Members of the group's core organizing committee include Haig Aivazian, Ayreen Anastas, Doug Ashford, Doris Bittar, Sam Durant, Rene Gabri, Hans Haacke, Guy Mannes-Abbott, Michael Rakowitz, Walid Raad, Andrew Ross, Gregory Sholette, Ashok Sukumaran, Shaina Anand, Mariam Ghani, Naeem Mohaiemen, Tania Bruguera, Rene Gabri, Nitasha Dhillon, Amin Husain, Paula Chakravartty, and Noah Fischer. Gulf Labor includes affiliated offshoot groups, including G.U.L.F. (Gulf Ultra Luxury Faction), Occupy Museums, and Who Builds Your Museum?

Another affiliate of Gulf Labor is Gulf Labor West, based in California, whose exhibit, "Labor Migrant Gulf", was part of 52 Weeks.

==Reports==
- "Building Towers, Cheating Workers", Human Rights Watch. November 12, 2006.
- "The Island of Happiness: Exploitation of Migrant Workers on Saadiyat Island, Abu Dhabi". Human Rights Watch. May 19, 2009.

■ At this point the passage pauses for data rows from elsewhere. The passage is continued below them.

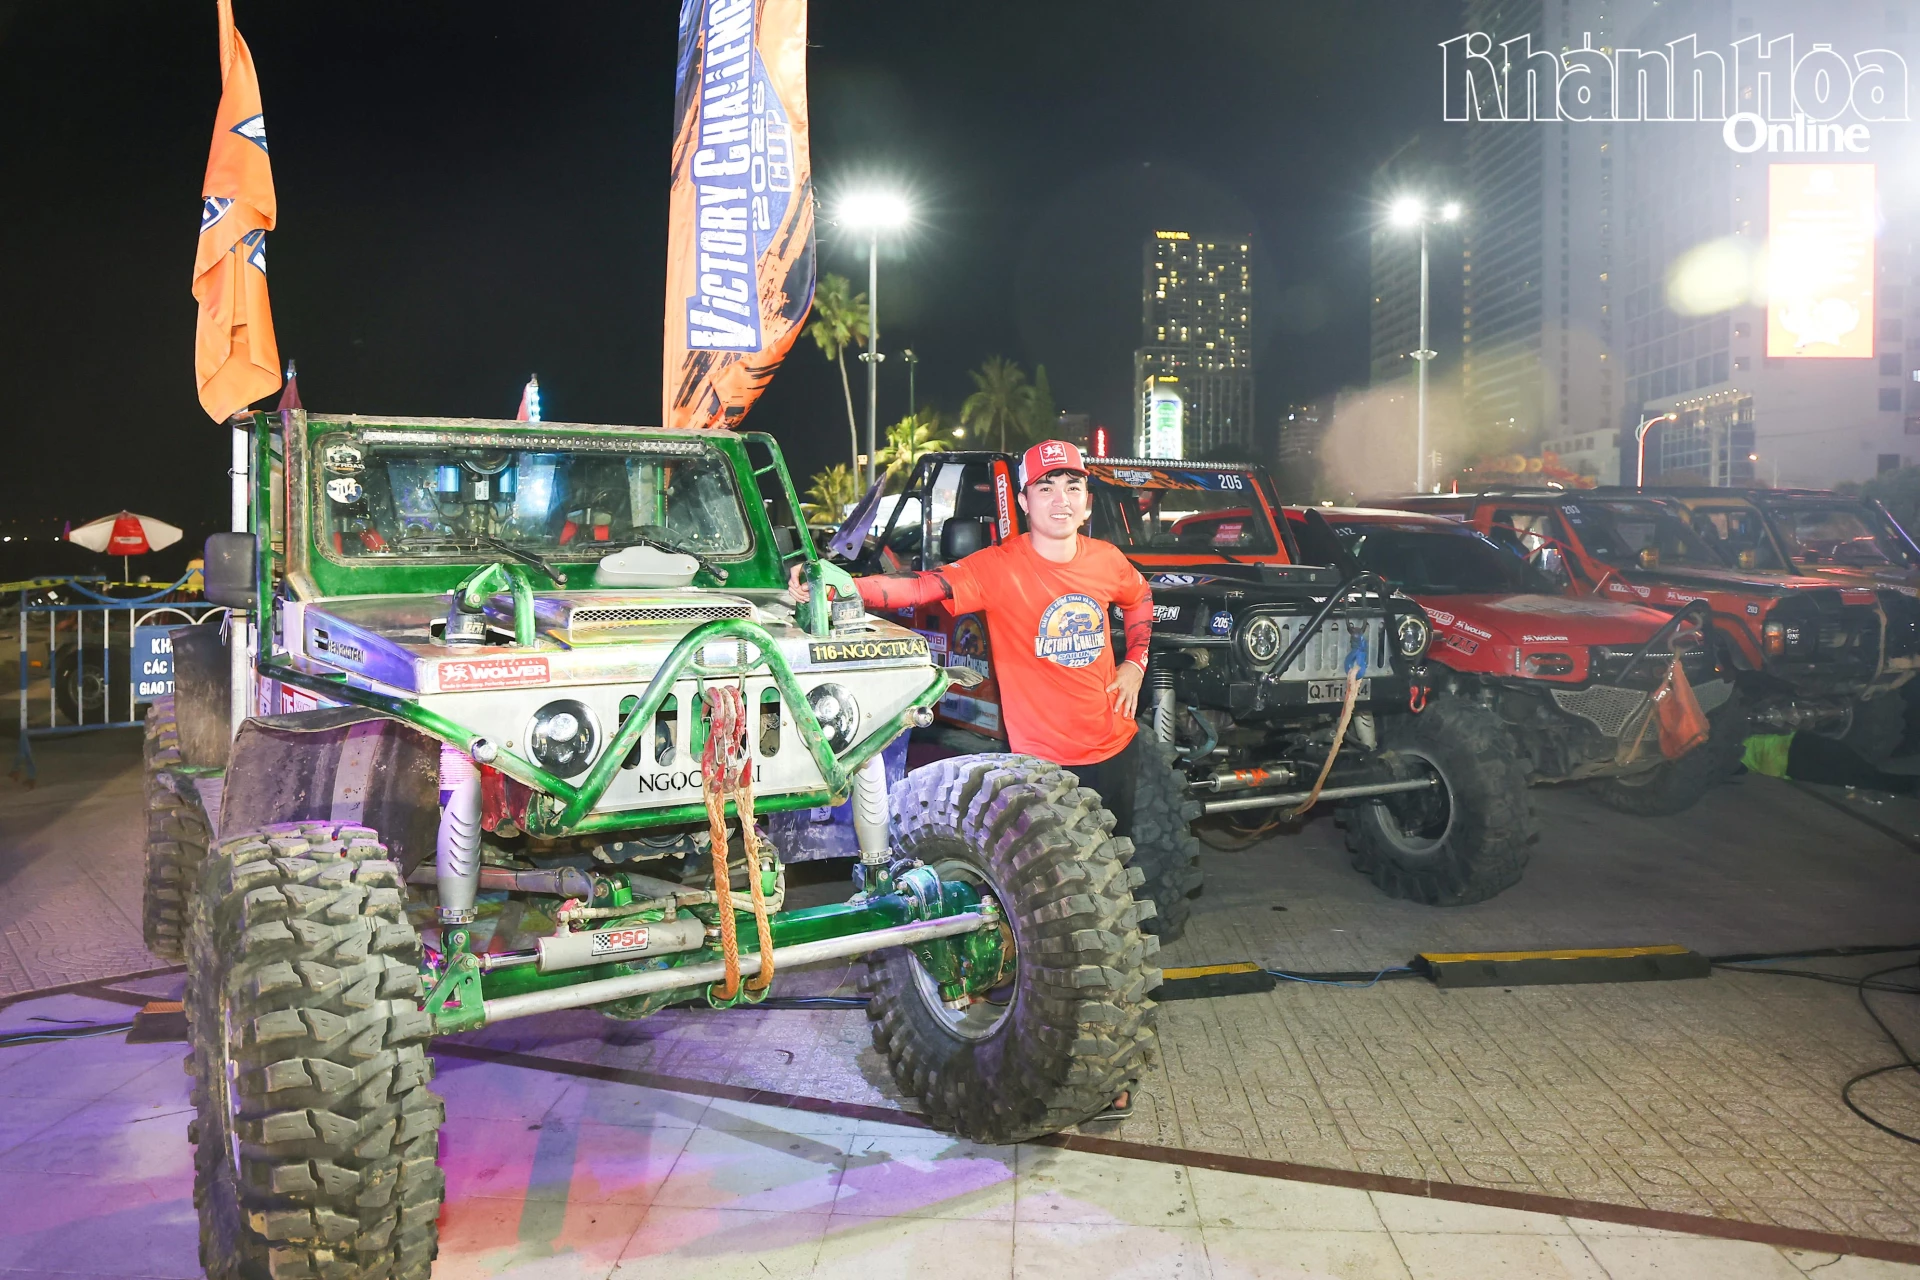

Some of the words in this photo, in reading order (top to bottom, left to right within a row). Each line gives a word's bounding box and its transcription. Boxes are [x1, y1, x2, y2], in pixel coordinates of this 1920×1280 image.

[750, 81, 771, 231] 2026
[766, 109, 795, 193] CUP
[690, 184, 757, 348] VICTORY
[1217, 474, 1243, 490] 205
[1561, 504, 1581, 515] 203
[1747, 605, 1758, 614] 203
[1212, 616, 1230, 629] 205
[1464, 623, 1492, 639] WOLVER
[1036, 637, 1072, 657] VICTORY
[143, 658, 168, 675] CÁC
[467, 663, 547, 680] WOLVER
[139, 681, 165, 695] GIAO
[609, 929, 647, 948] PSC

- "Labor Camps in the Gulf States". Middle East Institute. February 2, 2010.
- "The Arab World's Forgotten Rebellions: Foreign Workers and Biopolitics in the Gulf" Kanna, Ahmed. Samar Magazine. May, 2011.

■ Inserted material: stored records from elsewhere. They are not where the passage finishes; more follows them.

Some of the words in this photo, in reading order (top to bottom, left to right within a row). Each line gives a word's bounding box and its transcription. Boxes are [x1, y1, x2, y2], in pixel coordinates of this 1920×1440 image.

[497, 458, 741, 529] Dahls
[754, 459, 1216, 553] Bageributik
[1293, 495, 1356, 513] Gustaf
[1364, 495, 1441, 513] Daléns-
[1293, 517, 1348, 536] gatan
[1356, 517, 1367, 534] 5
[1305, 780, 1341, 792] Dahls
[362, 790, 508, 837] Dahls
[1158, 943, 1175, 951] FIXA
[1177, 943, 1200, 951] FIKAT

- "Dhaka Principles for Migration with Dignity". Institute for Human Rights & Business. May, 2011.
- "The Island of Happiness Revisited". Human Rights Watch. March 21, 2012.
- Monitoring report on labor conditions in Saadiyat Island. Gulf Labor. April, 2014.

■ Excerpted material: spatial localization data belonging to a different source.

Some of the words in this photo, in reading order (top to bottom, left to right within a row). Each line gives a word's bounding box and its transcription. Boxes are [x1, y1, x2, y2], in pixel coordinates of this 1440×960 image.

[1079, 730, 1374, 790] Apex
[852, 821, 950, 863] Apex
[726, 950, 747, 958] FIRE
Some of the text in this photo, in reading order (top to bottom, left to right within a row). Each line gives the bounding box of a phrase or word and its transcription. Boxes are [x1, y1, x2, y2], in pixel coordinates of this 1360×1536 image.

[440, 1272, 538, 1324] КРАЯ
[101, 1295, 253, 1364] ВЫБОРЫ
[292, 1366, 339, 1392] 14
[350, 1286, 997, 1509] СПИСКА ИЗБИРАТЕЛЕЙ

- "Labor Conditions at N.Y.U.'s Abu Dhabi Campus to Be Investigated by U.S. Firm". The New York Times. June 26, 2014.

==Actions==
- On November 5, 2014, 2014, Gulf Labor offshoot G.U.L.F. unfurls a three-story banner in the Solomon R. Guggenheim Museum.
- On February 22, 2014, dropped leaflets and educational materials from the Solomon R. Guggenheim Museum's rotunda and hung a manifesto on a lower wall.
- On March 29, 2014, demonstrators from the Gulf Labor Coalition offshoot Global Ultra Luxury Faction repeated the February action, dropping mock dollar bills from the Solomon R. Guggenheim Museum's rotunda. The bills contain illustrations of the Guggenheim in Abu Dhabi surrounded by American dollars.
- On May 8, 2015, Gulf Labor and other arts groups, including Venice-based groups, Sale Docks and Macao, occupied Venice's Peggy Guggenheim Collection. This action was the first marking Gulf Labor's participation in the 2015 Venice Biennial for Okwui Enwezor's exhibition, "All the World's Futures".